§ **Entries supplied**:
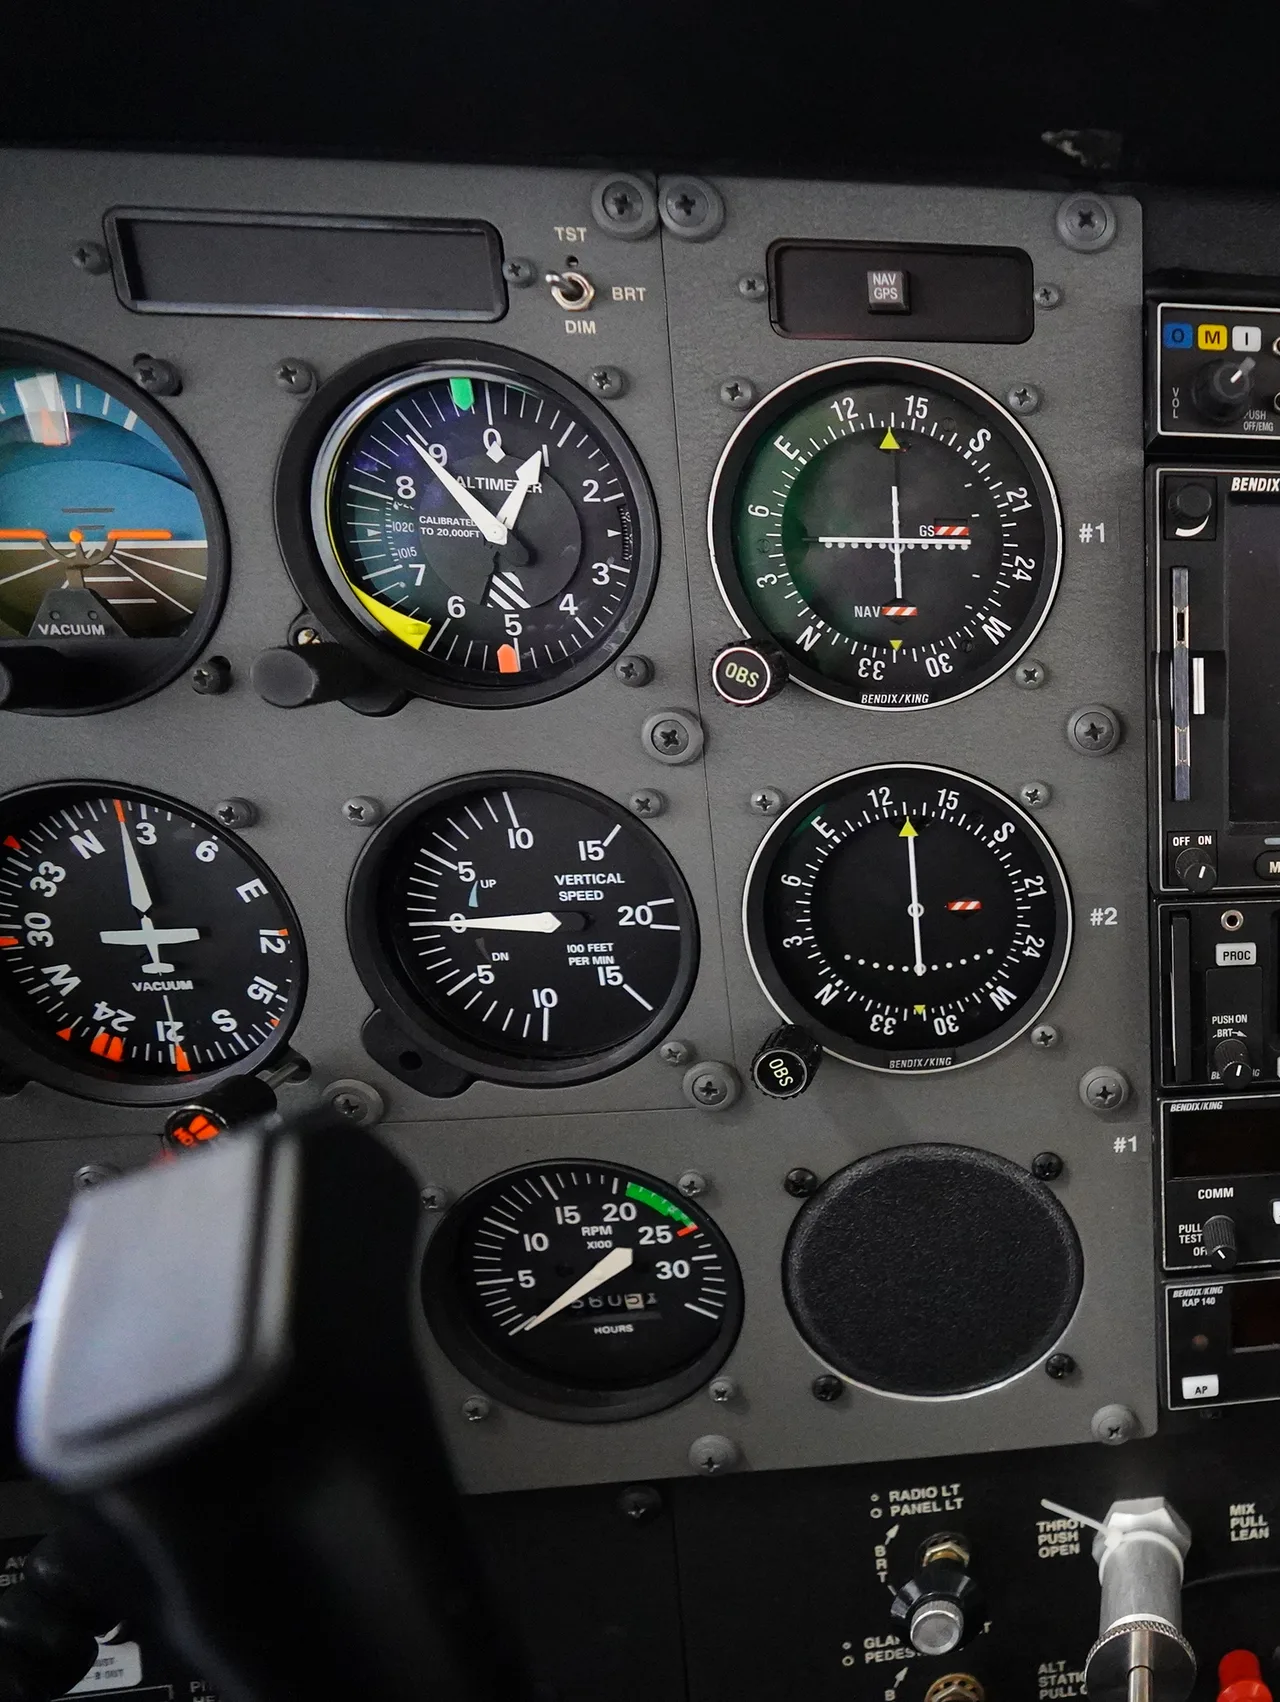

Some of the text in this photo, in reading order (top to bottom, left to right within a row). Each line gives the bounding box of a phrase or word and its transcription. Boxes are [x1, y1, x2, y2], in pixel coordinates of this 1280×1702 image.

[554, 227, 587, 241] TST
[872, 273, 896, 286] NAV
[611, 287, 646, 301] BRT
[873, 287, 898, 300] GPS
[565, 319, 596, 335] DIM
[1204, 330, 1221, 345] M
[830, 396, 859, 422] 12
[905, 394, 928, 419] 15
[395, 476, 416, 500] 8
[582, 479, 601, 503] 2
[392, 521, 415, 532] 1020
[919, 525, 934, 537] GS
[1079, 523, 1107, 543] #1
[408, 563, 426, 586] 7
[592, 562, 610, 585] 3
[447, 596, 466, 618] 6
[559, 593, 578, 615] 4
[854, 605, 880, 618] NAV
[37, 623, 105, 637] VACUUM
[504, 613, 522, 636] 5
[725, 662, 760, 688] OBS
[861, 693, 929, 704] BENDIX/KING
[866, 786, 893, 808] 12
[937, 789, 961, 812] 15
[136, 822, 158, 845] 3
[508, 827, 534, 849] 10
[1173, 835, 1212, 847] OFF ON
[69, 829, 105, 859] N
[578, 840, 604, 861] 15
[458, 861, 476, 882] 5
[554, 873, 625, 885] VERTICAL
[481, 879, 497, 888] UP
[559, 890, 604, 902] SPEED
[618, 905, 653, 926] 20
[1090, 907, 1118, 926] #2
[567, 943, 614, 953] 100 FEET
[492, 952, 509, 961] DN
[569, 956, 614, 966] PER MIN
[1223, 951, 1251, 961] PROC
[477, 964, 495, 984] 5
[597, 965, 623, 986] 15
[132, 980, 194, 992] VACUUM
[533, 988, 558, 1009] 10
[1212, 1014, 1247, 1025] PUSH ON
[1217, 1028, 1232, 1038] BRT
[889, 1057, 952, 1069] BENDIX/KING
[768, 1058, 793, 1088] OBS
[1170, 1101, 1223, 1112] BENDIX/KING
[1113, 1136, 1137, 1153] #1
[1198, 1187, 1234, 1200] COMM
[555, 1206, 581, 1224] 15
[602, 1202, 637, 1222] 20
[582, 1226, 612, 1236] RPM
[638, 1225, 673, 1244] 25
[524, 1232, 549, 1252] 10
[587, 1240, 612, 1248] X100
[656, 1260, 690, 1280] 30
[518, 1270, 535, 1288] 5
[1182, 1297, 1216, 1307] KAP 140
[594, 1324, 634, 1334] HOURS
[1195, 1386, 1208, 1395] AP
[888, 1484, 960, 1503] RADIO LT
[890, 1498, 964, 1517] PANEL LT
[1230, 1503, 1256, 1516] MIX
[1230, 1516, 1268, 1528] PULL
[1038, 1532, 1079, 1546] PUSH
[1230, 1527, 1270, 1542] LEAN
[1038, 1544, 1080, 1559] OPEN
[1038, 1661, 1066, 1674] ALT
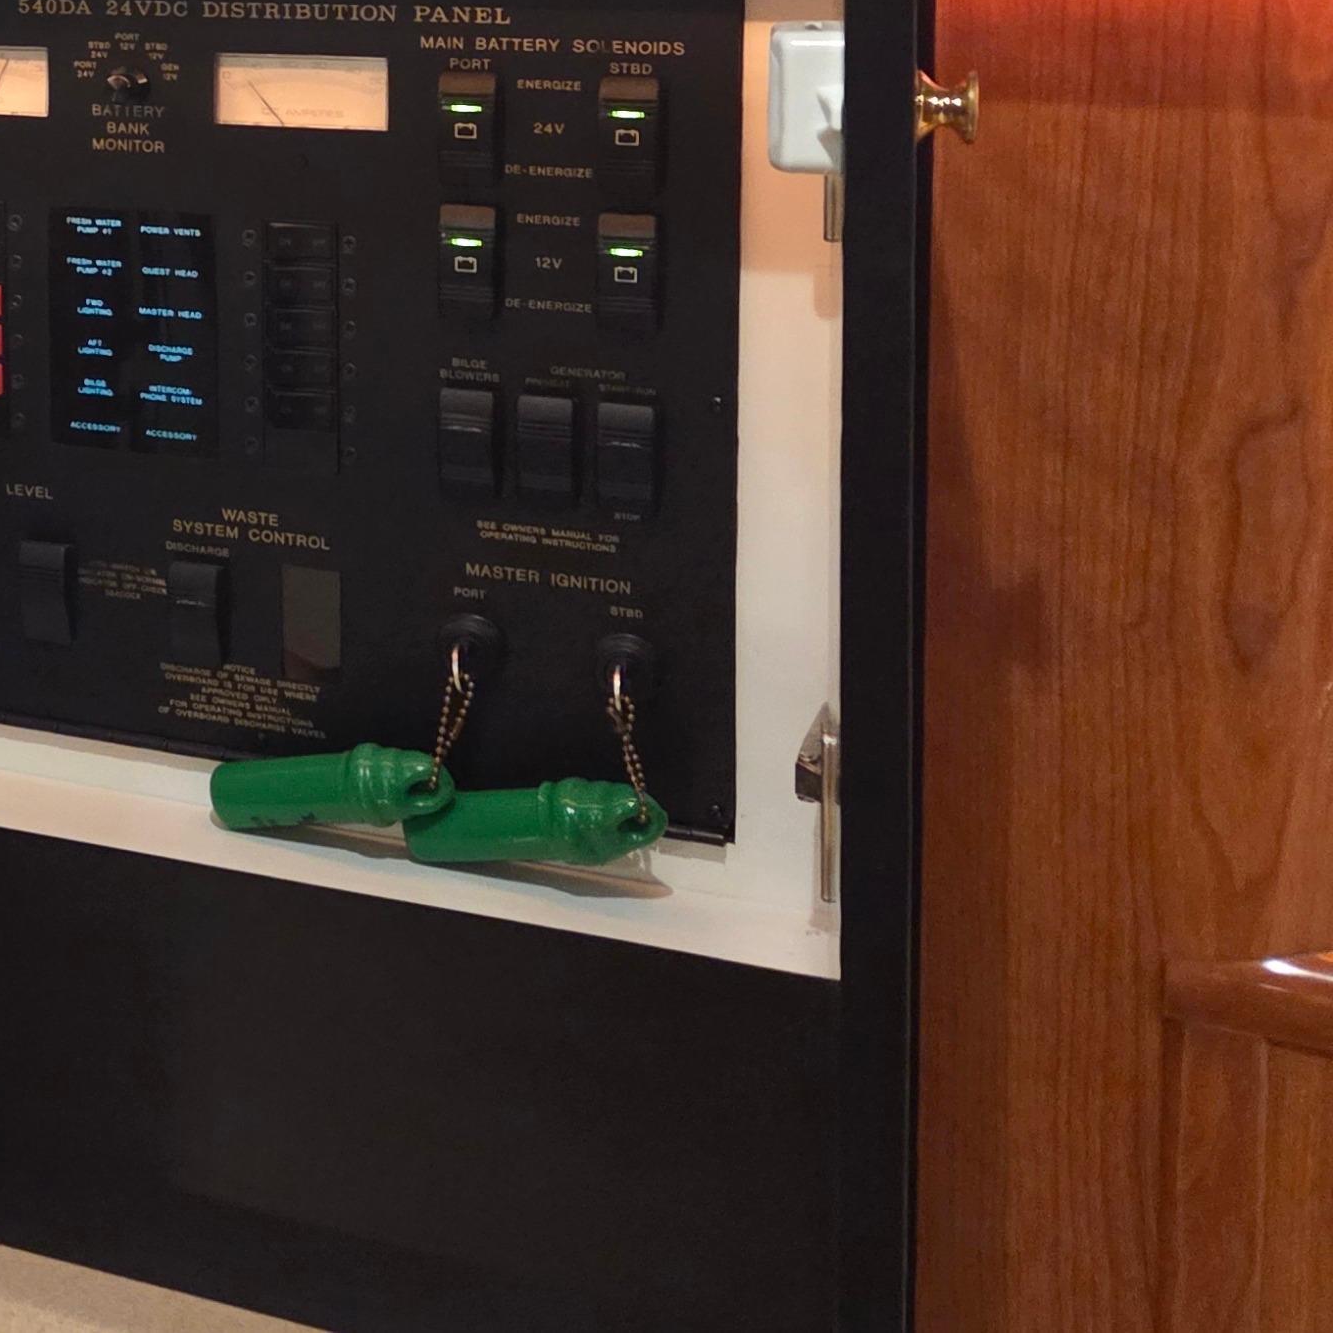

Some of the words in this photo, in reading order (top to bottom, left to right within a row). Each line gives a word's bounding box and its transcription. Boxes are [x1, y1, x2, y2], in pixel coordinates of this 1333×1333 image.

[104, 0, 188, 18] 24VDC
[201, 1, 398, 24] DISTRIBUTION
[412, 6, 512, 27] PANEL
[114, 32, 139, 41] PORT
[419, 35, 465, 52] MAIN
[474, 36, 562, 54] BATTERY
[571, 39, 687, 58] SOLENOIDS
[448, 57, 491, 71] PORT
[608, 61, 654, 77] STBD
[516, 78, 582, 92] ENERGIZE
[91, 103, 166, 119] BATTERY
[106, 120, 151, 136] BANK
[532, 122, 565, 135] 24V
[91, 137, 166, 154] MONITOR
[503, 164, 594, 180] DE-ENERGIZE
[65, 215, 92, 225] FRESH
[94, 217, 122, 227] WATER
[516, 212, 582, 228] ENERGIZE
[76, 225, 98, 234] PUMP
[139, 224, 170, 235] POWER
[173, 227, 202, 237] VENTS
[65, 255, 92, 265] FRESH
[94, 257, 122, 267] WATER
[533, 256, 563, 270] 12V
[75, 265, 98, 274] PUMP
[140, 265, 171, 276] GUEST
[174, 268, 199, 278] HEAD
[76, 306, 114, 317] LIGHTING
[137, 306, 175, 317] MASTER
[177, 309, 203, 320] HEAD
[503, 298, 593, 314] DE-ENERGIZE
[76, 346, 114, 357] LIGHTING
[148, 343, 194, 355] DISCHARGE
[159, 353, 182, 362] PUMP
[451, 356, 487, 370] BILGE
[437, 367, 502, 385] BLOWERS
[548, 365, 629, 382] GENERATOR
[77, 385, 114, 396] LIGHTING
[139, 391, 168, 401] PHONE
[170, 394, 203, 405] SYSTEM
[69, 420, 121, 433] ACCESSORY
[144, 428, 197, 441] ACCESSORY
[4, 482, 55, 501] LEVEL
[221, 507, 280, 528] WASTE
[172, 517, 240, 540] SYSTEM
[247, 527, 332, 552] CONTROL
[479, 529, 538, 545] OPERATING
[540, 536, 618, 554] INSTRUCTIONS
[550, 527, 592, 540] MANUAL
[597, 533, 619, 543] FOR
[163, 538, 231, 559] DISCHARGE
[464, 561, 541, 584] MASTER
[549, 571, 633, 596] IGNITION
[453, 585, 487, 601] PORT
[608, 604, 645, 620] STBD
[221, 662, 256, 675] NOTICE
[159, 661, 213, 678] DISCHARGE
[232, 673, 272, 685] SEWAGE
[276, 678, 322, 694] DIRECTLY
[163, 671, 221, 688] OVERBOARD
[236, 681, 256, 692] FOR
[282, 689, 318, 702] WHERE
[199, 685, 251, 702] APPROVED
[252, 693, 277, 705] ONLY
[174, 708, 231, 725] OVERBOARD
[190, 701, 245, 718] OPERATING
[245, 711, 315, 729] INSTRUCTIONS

§ **Assigned task**:
Return each line above word for word. Skip the pictures.

§ **Task response**:
Some of the text in this photo, in reading order (top to bottom, left to right within a row). Each line gives the bounding box of a phrase or word and its transcription. Boxes are [x1, y1, x2, y2], in pixel coordinates of this 1280×1702 image.

[554, 227, 587, 241] TST
[872, 273, 896, 286] NAV
[611, 287, 646, 301] BRT
[873, 287, 898, 300] GPS
[565, 319, 596, 335] DIM
[1204, 330, 1221, 345] M
[830, 396, 859, 422] 12
[905, 394, 928, 419] 15
[395, 476, 416, 500] 8
[582, 479, 601, 503] 2
[392, 521, 415, 532] 1020
[919, 525, 934, 537] GS
[1079, 523, 1107, 543] #1
[408, 563, 426, 586] 7
[592, 562, 610, 585] 3
[447, 596, 466, 618] 6
[559, 593, 578, 615] 4
[854, 605, 880, 618] NAV
[37, 623, 105, 637] VACUUM
[504, 613, 522, 636] 5
[725, 662, 760, 688] OBS
[861, 693, 929, 704] BENDIX/KING
[866, 786, 893, 808] 12
[937, 789, 961, 812] 15
[136, 822, 158, 845] 3
[508, 827, 534, 849] 10
[1173, 835, 1212, 847] OFF ON
[69, 829, 105, 859] N
[578, 840, 604, 861] 15
[458, 861, 476, 882] 5
[554, 873, 625, 885] VERTICAL
[481, 879, 497, 888] UP
[559, 890, 604, 902] SPEED
[618, 905, 653, 926] 20
[1090, 907, 1118, 926] #2
[567, 943, 614, 953] 100 FEET
[492, 952, 509, 961] DN
[569, 956, 614, 966] PER MIN
[1223, 951, 1251, 961] PROC
[477, 964, 495, 984] 5
[597, 965, 623, 986] 15
[132, 980, 194, 992] VACUUM
[533, 988, 558, 1009] 10
[1212, 1014, 1247, 1025] PUSH ON
[1217, 1028, 1232, 1038] BRT
[889, 1057, 952, 1069] BENDIX/KING
[768, 1058, 793, 1088] OBS
[1170, 1101, 1223, 1112] BENDIX/KING
[1113, 1136, 1137, 1153] #1
[1198, 1187, 1234, 1200] COMM
[555, 1206, 581, 1224] 15
[602, 1202, 637, 1222] 20
[582, 1226, 612, 1236] RPM
[638, 1225, 673, 1244] 25
[524, 1232, 549, 1252] 10
[587, 1240, 612, 1248] X100
[656, 1260, 690, 1280] 30
[518, 1270, 535, 1288] 5
[1182, 1297, 1216, 1307] KAP 140
[594, 1324, 634, 1334] HOURS
[1195, 1386, 1208, 1395] AP
[888, 1484, 960, 1503] RADIO LT
[890, 1498, 964, 1517] PANEL LT
[1230, 1503, 1256, 1516] MIX
[1230, 1516, 1268, 1528] PULL
[1038, 1532, 1079, 1546] PUSH
[1230, 1527, 1270, 1542] LEAN
[1038, 1544, 1080, 1559] OPEN
[1038, 1661, 1066, 1674] ALT

Some of the words in this photo, in reading order (top to bottom, left to right within a row). Each line gives a word's bounding box and its transcription. Boxes are [x1, y1, x2, y2], in pixel coordinates of this 1333×1333 image.

[104, 0, 188, 18] 24VDC
[201, 1, 398, 24] DISTRIBUTION
[412, 6, 512, 27] PANEL
[114, 32, 139, 41] PORT
[419, 35, 465, 52] MAIN
[474, 36, 562, 54] BATTERY
[571, 39, 687, 58] SOLENOIDS
[448, 57, 491, 71] PORT
[608, 61, 654, 77] STBD
[516, 78, 582, 92] ENERGIZE
[91, 103, 166, 119] BATTERY
[106, 120, 151, 136] BANK
[532, 122, 565, 135] 24V
[91, 137, 166, 154] MONITOR
[503, 164, 594, 180] DE-ENERGIZE
[65, 215, 92, 225] FRESH
[94, 217, 122, 227] WATER
[516, 212, 582, 228] ENERGIZE
[76, 225, 98, 234] PUMP
[139, 224, 170, 235] POWER
[173, 227, 202, 237] VENTS
[65, 255, 92, 265] FRESH
[94, 257, 122, 267] WATER
[533, 256, 563, 270] 12V
[75, 265, 98, 274] PUMP
[140, 265, 171, 276] GUEST
[174, 268, 199, 278] HEAD
[76, 306, 114, 317] LIGHTING
[137, 306, 175, 317] MASTER
[177, 309, 203, 320] HEAD
[503, 298, 593, 314] DE-ENERGIZE
[76, 346, 114, 357] LIGHTING
[148, 343, 194, 355] DISCHARGE
[159, 353, 182, 362] PUMP
[451, 356, 487, 370] BILGE
[437, 367, 502, 385] BLOWERS
[548, 365, 629, 382] GENERATOR
[77, 385, 114, 396] LIGHTING
[139, 391, 168, 401] PHONE
[170, 394, 203, 405] SYSTEM
[69, 420, 121, 433] ACCESSORY
[144, 428, 197, 441] ACCESSORY
[4, 482, 55, 501] LEVEL
[221, 507, 280, 528] WASTE
[172, 517, 240, 540] SYSTEM
[247, 527, 332, 552] CONTROL
[479, 529, 538, 545] OPERATING
[540, 536, 618, 554] INSTRUCTIONS
[550, 527, 592, 540] MANUAL
[597, 533, 619, 543] FOR
[163, 538, 231, 559] DISCHARGE
[464, 561, 541, 584] MASTER
[549, 571, 633, 596] IGNITION
[453, 585, 487, 601] PORT
[608, 604, 645, 620] STBD
[221, 662, 256, 675] NOTICE
[159, 661, 213, 678] DISCHARGE
[232, 673, 272, 685] SEWAGE
[276, 678, 322, 694] DIRECTLY
[163, 671, 221, 688] OVERBOARD
[236, 681, 256, 692] FOR
[282, 689, 318, 702] WHERE
[199, 685, 251, 702] APPROVED
[252, 693, 277, 705] ONLY
[174, 708, 231, 725] OVERBOARD
[190, 701, 245, 718] OPERATING
[245, 711, 315, 729] INSTRUCTIONS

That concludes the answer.